What the task requires. Only the pictures should be dropped; every line of the data must come back exactly as written.

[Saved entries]
************
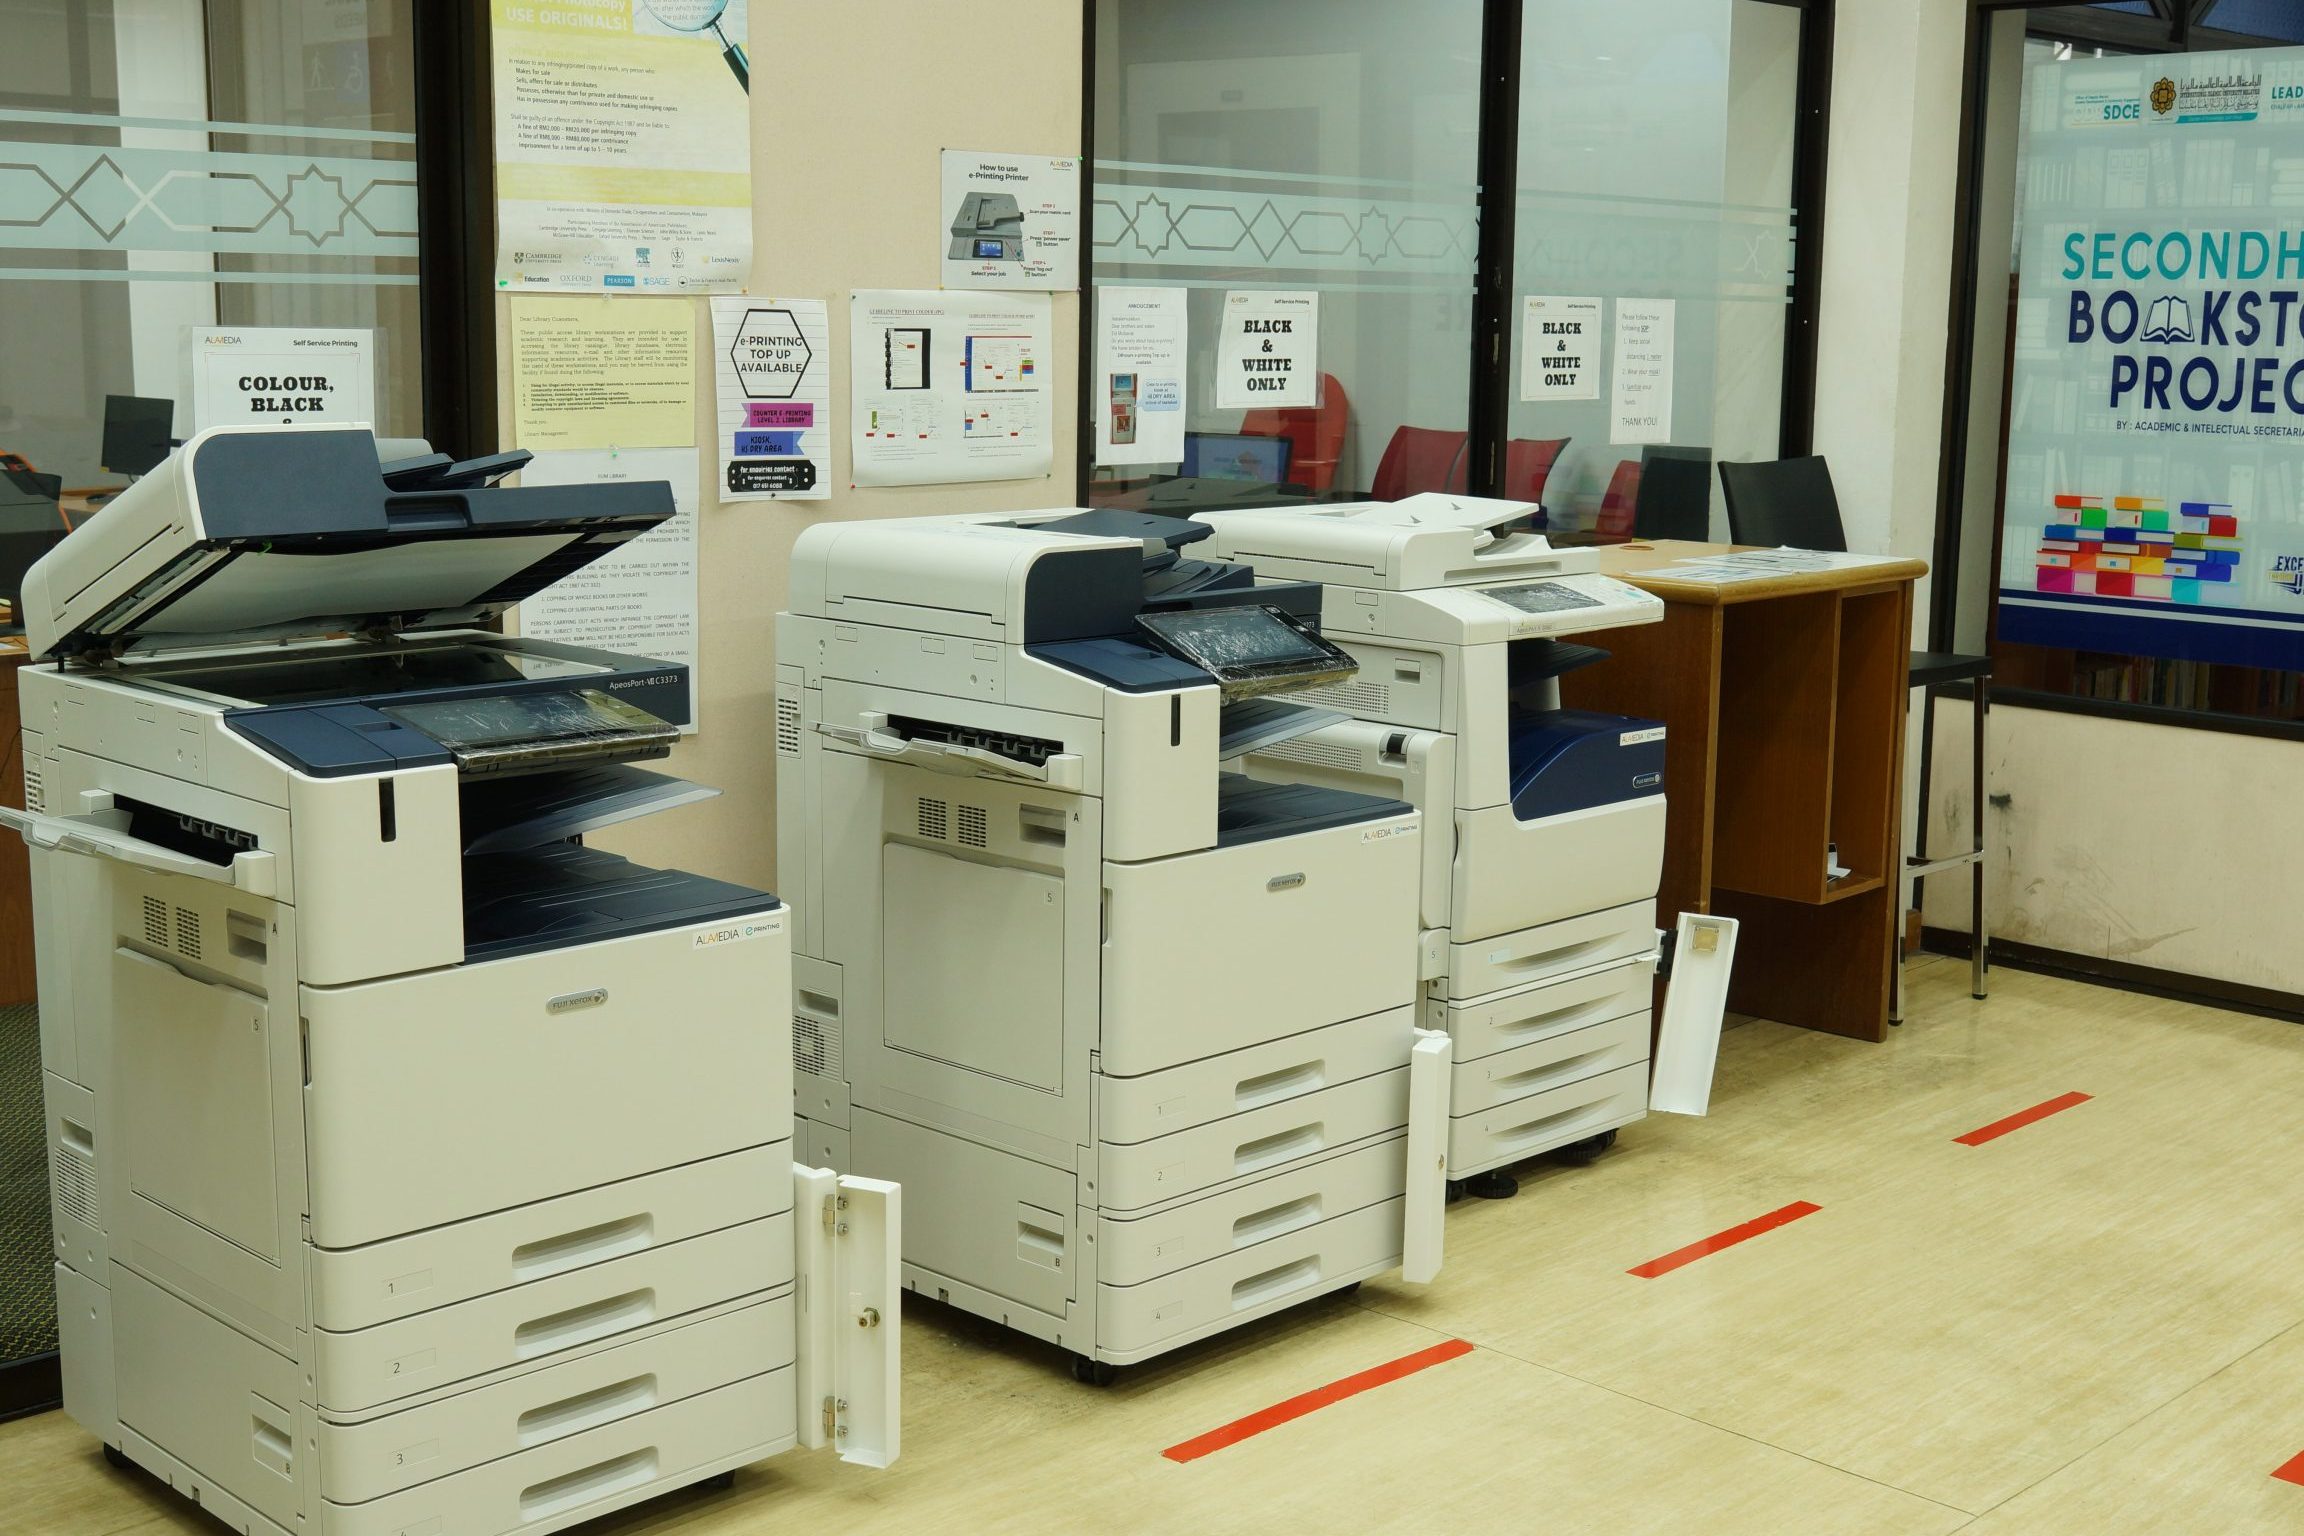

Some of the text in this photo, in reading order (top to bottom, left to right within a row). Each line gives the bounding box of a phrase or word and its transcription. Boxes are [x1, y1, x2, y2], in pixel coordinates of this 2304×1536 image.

[507, 7, 627, 31] USE ORIGINALS!
[620, 103, 638, 111] making
[639, 104, 662, 112] infringing
[2104, 104, 2140, 119] SDCE
[980, 164, 996, 172] How
[969, 173, 1004, 181] e-Printing
[650, 277, 670, 285] SAGE
[1243, 320, 1292, 333] BLACK
[1542, 323, 1582, 334] BLACK
[205, 336, 242, 344] ALAMEDIA
[740, 336, 803, 347] e-PRINTING
[1262, 339, 1273, 352] &
[1557, 340, 1566, 351] &
[751, 349, 791, 359] TOP UP
[741, 363, 803, 373] AVAILABLE
[1242, 358, 1292, 372] WHITE
[1542, 357, 1581, 368] WHITE
[239, 376, 334, 392] COLOUR,
[1246, 378, 1287, 391] ONLY
[1545, 374, 1576, 385] ONLY
[251, 398, 324, 411] BLACK
[1622, 417, 1657, 426] THANK YOU!
[2116, 421, 2127, 430] BY
[2135, 422, 2181, 432] ACADEMIC
[2184, 424, 2189, 432] &
[2192, 424, 2250, 435] INTELECTUAL
[656, 675, 678, 685] C3373
[1074, 813, 1079, 822] A
[1047, 893, 1052, 903] 5
[272, 922, 278, 935] A
[696, 929, 739, 946] ALAMEDIA
[1431, 951, 1436, 959] 5
[254, 1019, 259, 1031] 5
[1157, 1105, 1162, 1114] 1
[1158, 1172, 1163, 1181] 2
[1156, 1246, 1161, 1257] 3
[1055, 1257, 1060, 1267] B
[388, 1282, 394, 1294] 1
[1156, 1311, 1161, 1320] 4
[393, 1362, 400, 1373] 2
[396, 1453, 403, 1465] 3
************
Exercise answer.
Some of the text in this photo, in reading order (top to bottom, left to right within a row). Each line gives the bounding box of a phrase or word and its transcription. Boxes are [x1, y1, x2, y2], in pixel coordinates of this 2304×1536 image.

[507, 7, 627, 31] USE ORIGINALS!
[620, 103, 638, 111] making
[639, 104, 662, 112] infringing
[2104, 104, 2140, 119] SDCE
[980, 164, 996, 172] How
[969, 173, 1004, 181] e-Printing
[650, 277, 670, 285] SAGE
[1243, 320, 1292, 333] BLACK
[1542, 323, 1582, 334] BLACK
[205, 336, 242, 344] ALAMEDIA
[740, 336, 803, 347] e-PRINTING
[1262, 339, 1273, 352] &
[1557, 340, 1566, 351] &
[751, 349, 791, 359] TOP UP
[741, 363, 803, 373] AVAILABLE
[1242, 358, 1292, 372] WHITE
[1542, 357, 1581, 368] WHITE
[239, 376, 334, 392] COLOUR,
[1246, 378, 1287, 391] ONLY
[1545, 374, 1576, 385] ONLY
[251, 398, 324, 411] BLACK
[1622, 417, 1657, 426] THANK YOU!
[2116, 421, 2127, 430] BY
[2135, 422, 2181, 432] ACADEMIC
[2184, 424, 2189, 432] &
[2192, 424, 2250, 435] INTELECTUAL
[656, 675, 678, 685] C3373
[1074, 813, 1079, 822] A
[1047, 893, 1052, 903] 5
[272, 922, 278, 935] A
[696, 929, 739, 946] ALAMEDIA
[1431, 951, 1436, 959] 5
[254, 1019, 259, 1031] 5
[1157, 1105, 1162, 1114] 1
[1158, 1172, 1163, 1181] 2
[1156, 1246, 1161, 1257] 3
[1055, 1257, 1060, 1267] B
[388, 1282, 394, 1294] 1
[1156, 1311, 1161, 1320] 4
[393, 1362, 400, 1373] 2
[396, 1453, 403, 1465] 3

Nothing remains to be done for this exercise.